(EXERCISE) Write out every record below exactly as it stands, leaving the pictures out.

[Saved entries]
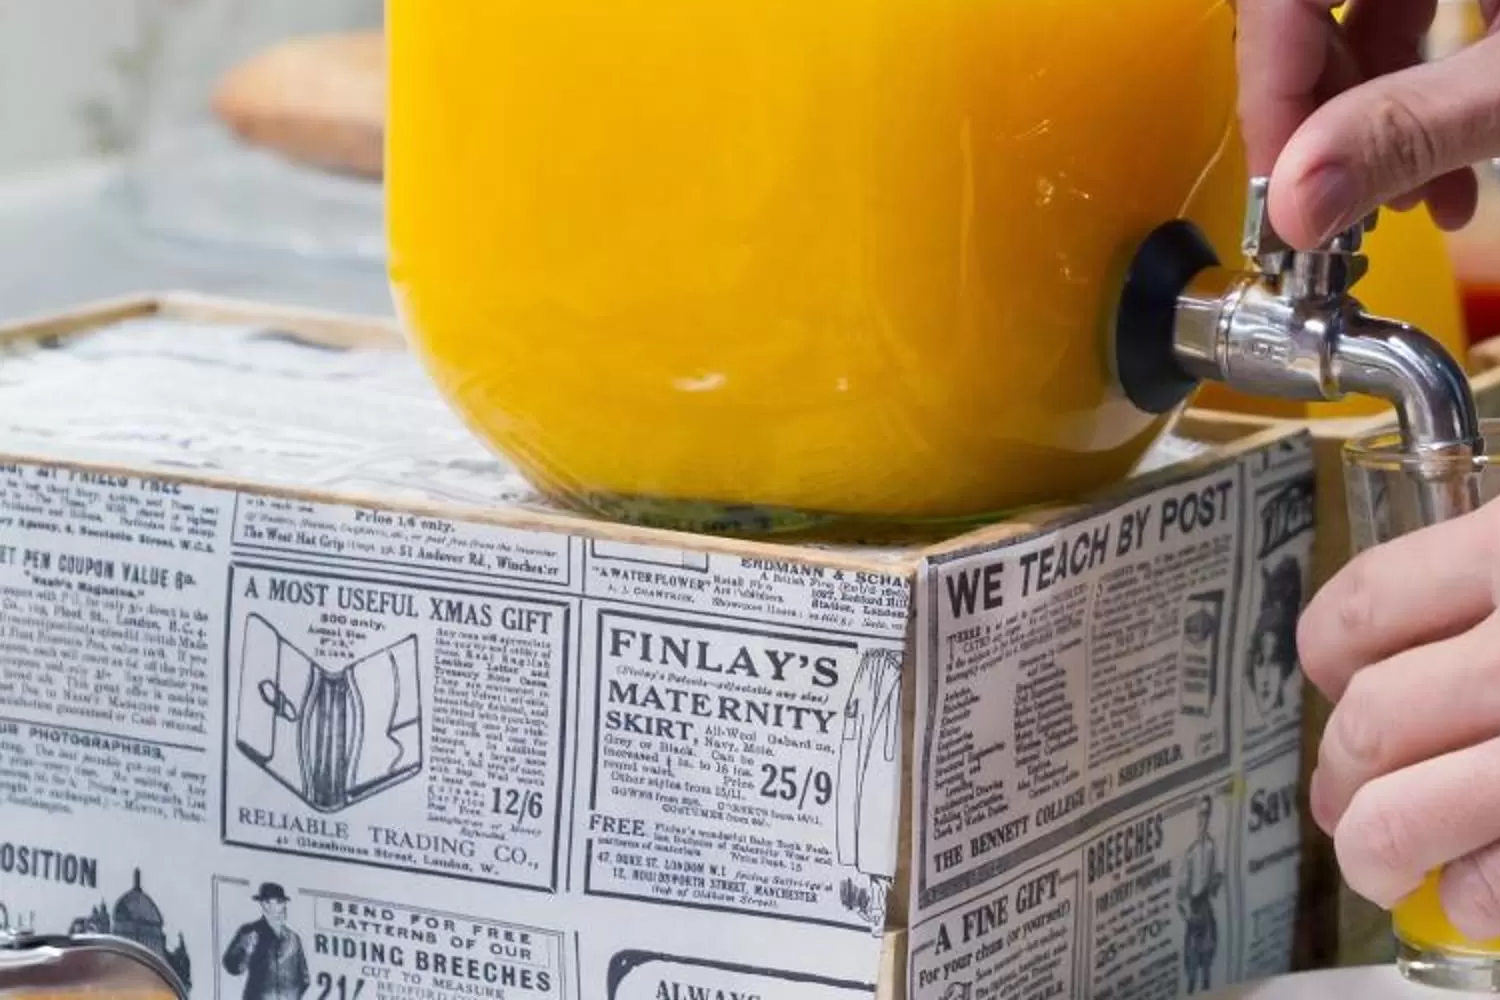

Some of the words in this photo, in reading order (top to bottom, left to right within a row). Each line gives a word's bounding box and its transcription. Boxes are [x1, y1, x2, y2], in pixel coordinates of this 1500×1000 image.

[356, 510, 393, 526] Price
[244, 524, 264, 541] The
[266, 527, 293, 544] West
[296, 531, 317, 547] Hat
[319, 534, 345, 554] Grip
[418, 546, 465, 565] Andover
[946, 562, 1004, 619] WE
[1019, 523, 1111, 597] TEACH
[1116, 504, 1152, 556] BY
[1159, 480, 1233, 541] POST
[24, 547, 51, 571] PEN
[58, 553, 115, 580] COUPON
[121, 562, 168, 588] VALUE
[610, 567, 653, 584] WATER
[741, 555, 825, 579] ERDMANN
[833, 569, 845, 582] &
[244, 574, 260, 600] A
[268, 576, 331, 609] MOST
[337, 585, 420, 620] USEFUL
[428, 596, 493, 629] XMAS
[501, 605, 553, 637] GIFT
[608, 627, 839, 690] FINLAY'S
[608, 679, 837, 735] MATERNITY
[29, 725, 165, 761] PHOTOGRAPHERS,
[604, 709, 699, 746] SKIRT,
[604, 732, 632, 749] Grey
[711, 749, 735, 763] Can
[704, 723, 757, 742] All-Wool
[704, 736, 739, 753] Navy,
[699, 760, 711, 771] to
[491, 786, 544, 825] 12/6
[684, 781, 713, 795] from
[759, 763, 833, 811] 25/9
[239, 806, 349, 840] RELIABLE
[367, 825, 475, 858] TRADING
[493, 843, 539, 871] CO.,
[588, 813, 646, 839] FREE
[933, 844, 963, 873] THE
[970, 814, 1030, 858] BENNETT
[1035, 786, 1086, 827] COLLEGE
[0, 842, 98, 889] OSITION
[296, 835, 369, 856] Glasshouse
[373, 847, 417, 865] Street,
[423, 854, 473, 872] London,
[480, 862, 500, 876] W.
[663, 858, 706, 876] LONDON
[1087, 812, 1165, 885] BREECHES
[753, 883, 818, 905] MANCHESTER
[934, 922, 952, 956] A
[962, 894, 1009, 944] FINE
[1015, 868, 1061, 915] GIFT
[332, 901, 395, 922] SEND
[410, 913, 455, 932] FOR
[472, 922, 531, 945] FREE
[332, 915, 438, 945] PATTERNS
[450, 935, 476, 952] OF
[489, 942, 531, 961] OUR
[314, 932, 403, 967] RIDING
[415, 950, 551, 993] BREECHES
[361, 964, 391, 981] CUT
[401, 971, 422, 986] TO
[432, 976, 505, 1000] MEASURE
[919, 967, 941, 989] For
[943, 953, 974, 982] your
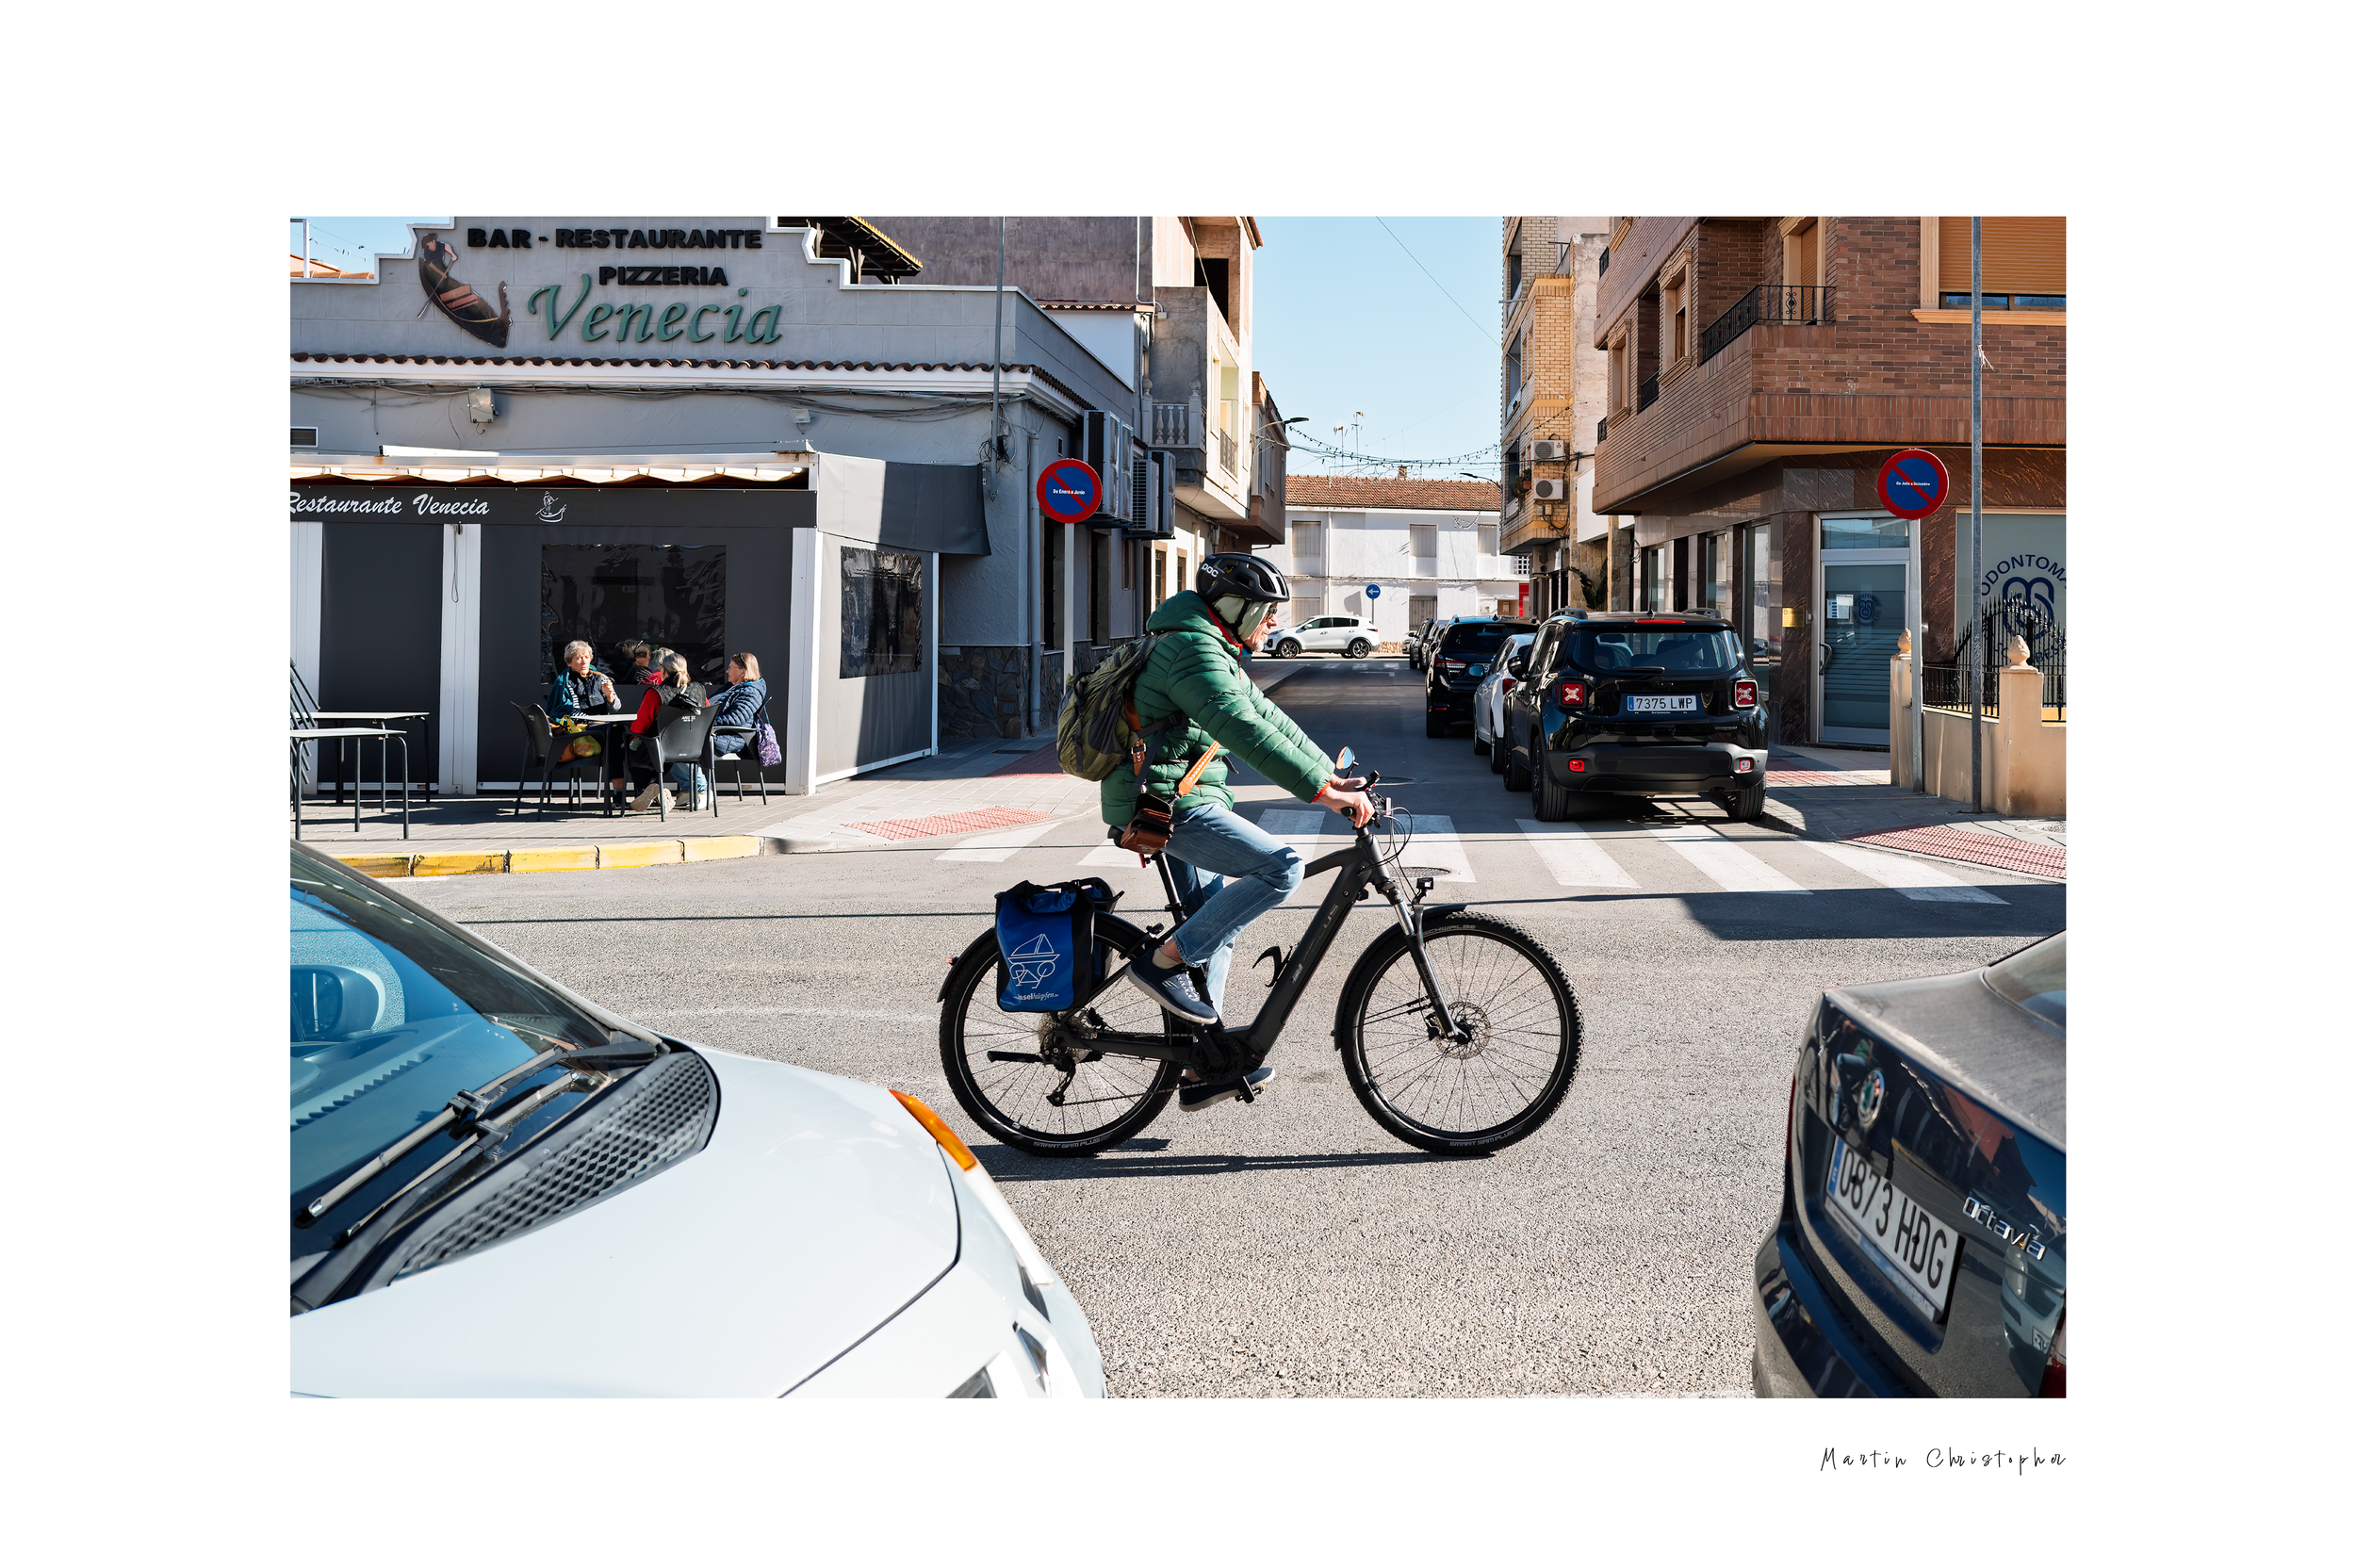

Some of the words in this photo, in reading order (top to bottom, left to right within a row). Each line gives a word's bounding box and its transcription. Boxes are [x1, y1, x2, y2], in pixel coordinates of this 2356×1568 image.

[467, 228, 532, 249] BAR
[555, 228, 762, 250] RESTAURANTE
[599, 266, 728, 286] PIZZERIA
[527, 273, 783, 344] Venecia
[290, 491, 402, 514] Restaurante
[412, 493, 490, 516] Venecia
[1636, 697, 1667, 710] 7375
[1670, 697, 1693, 710] LWP
[1423, 924, 1477, 936] SCHWALBE
[1033, 1140, 1061, 1149] SMART
[1080, 1137, 1101, 1147] PLUS
[1495, 1129, 1514, 1141] PLUS
[1840, 1149, 1893, 1237] 0873
[1894, 1197, 1947, 1289] HDG

(RESPONSE)
Some of the words in this photo, in reading order (top to bottom, left to right within a row). Each line gives a word's bounding box and its transcription. Boxes are [x1, y1, x2, y2], in pixel coordinates of this 1500×1000 image.

[356, 510, 393, 526] Price
[244, 524, 264, 541] The
[266, 527, 293, 544] West
[296, 531, 317, 547] Hat
[319, 534, 345, 554] Grip
[418, 546, 465, 565] Andover
[946, 562, 1004, 619] WE
[1019, 523, 1111, 597] TEACH
[1116, 504, 1152, 556] BY
[1159, 480, 1233, 541] POST
[24, 547, 51, 571] PEN
[58, 553, 115, 580] COUPON
[121, 562, 168, 588] VALUE
[610, 567, 653, 584] WATER
[741, 555, 825, 579] ERDMANN
[833, 569, 845, 582] &
[244, 574, 260, 600] A
[268, 576, 331, 609] MOST
[337, 585, 420, 620] USEFUL
[428, 596, 493, 629] XMAS
[501, 605, 553, 637] GIFT
[608, 627, 839, 690] FINLAY'S
[608, 679, 837, 735] MATERNITY
[29, 725, 165, 761] PHOTOGRAPHERS,
[604, 709, 699, 746] SKIRT,
[604, 732, 632, 749] Grey
[711, 749, 735, 763] Can
[704, 723, 757, 742] All-Wool
[704, 736, 739, 753] Navy,
[699, 760, 711, 771] to
[491, 786, 544, 825] 12/6
[684, 781, 713, 795] from
[759, 763, 833, 811] 25/9
[239, 806, 349, 840] RELIABLE
[367, 825, 475, 858] TRADING
[493, 843, 539, 871] CO.,
[588, 813, 646, 839] FREE
[933, 844, 963, 873] THE
[970, 814, 1030, 858] BENNETT
[1035, 786, 1086, 827] COLLEGE
[0, 842, 98, 889] OSITION
[296, 835, 369, 856] Glasshouse
[373, 847, 417, 865] Street,
[423, 854, 473, 872] London,
[480, 862, 500, 876] W.
[663, 858, 706, 876] LONDON
[1087, 812, 1165, 885] BREECHES
[753, 883, 818, 905] MANCHESTER
[934, 922, 952, 956] A
[962, 894, 1009, 944] FINE
[1015, 868, 1061, 915] GIFT
[332, 901, 395, 922] SEND
[410, 913, 455, 932] FOR
[472, 922, 531, 945] FREE
[332, 915, 438, 945] PATTERNS
[450, 935, 476, 952] OF
[489, 942, 531, 961] OUR
[314, 932, 403, 967] RIDING
[415, 950, 551, 993] BREECHES
[361, 964, 391, 981] CUT
[401, 971, 422, 986] TO
[432, 976, 505, 1000] MEASURE
[919, 967, 941, 989] For
[943, 953, 974, 982] your

Some of the words in this photo, in reading order (top to bottom, left to right within a row). Each line gives a word's bounding box and its transcription. Boxes are [x1, y1, x2, y2], in pixel coordinates of this 2356×1568 image.

[467, 228, 532, 249] BAR
[555, 228, 762, 250] RESTAURANTE
[599, 266, 728, 286] PIZZERIA
[527, 273, 783, 344] Venecia
[290, 491, 402, 514] Restaurante
[412, 493, 490, 516] Venecia
[1636, 697, 1667, 710] 7375
[1670, 697, 1693, 710] LWP
[1423, 924, 1477, 936] SCHWALBE
[1033, 1140, 1061, 1149] SMART
[1080, 1137, 1101, 1147] PLUS
[1495, 1129, 1514, 1141] PLUS
[1840, 1149, 1893, 1237] 0873
[1894, 1197, 1947, 1289] HDG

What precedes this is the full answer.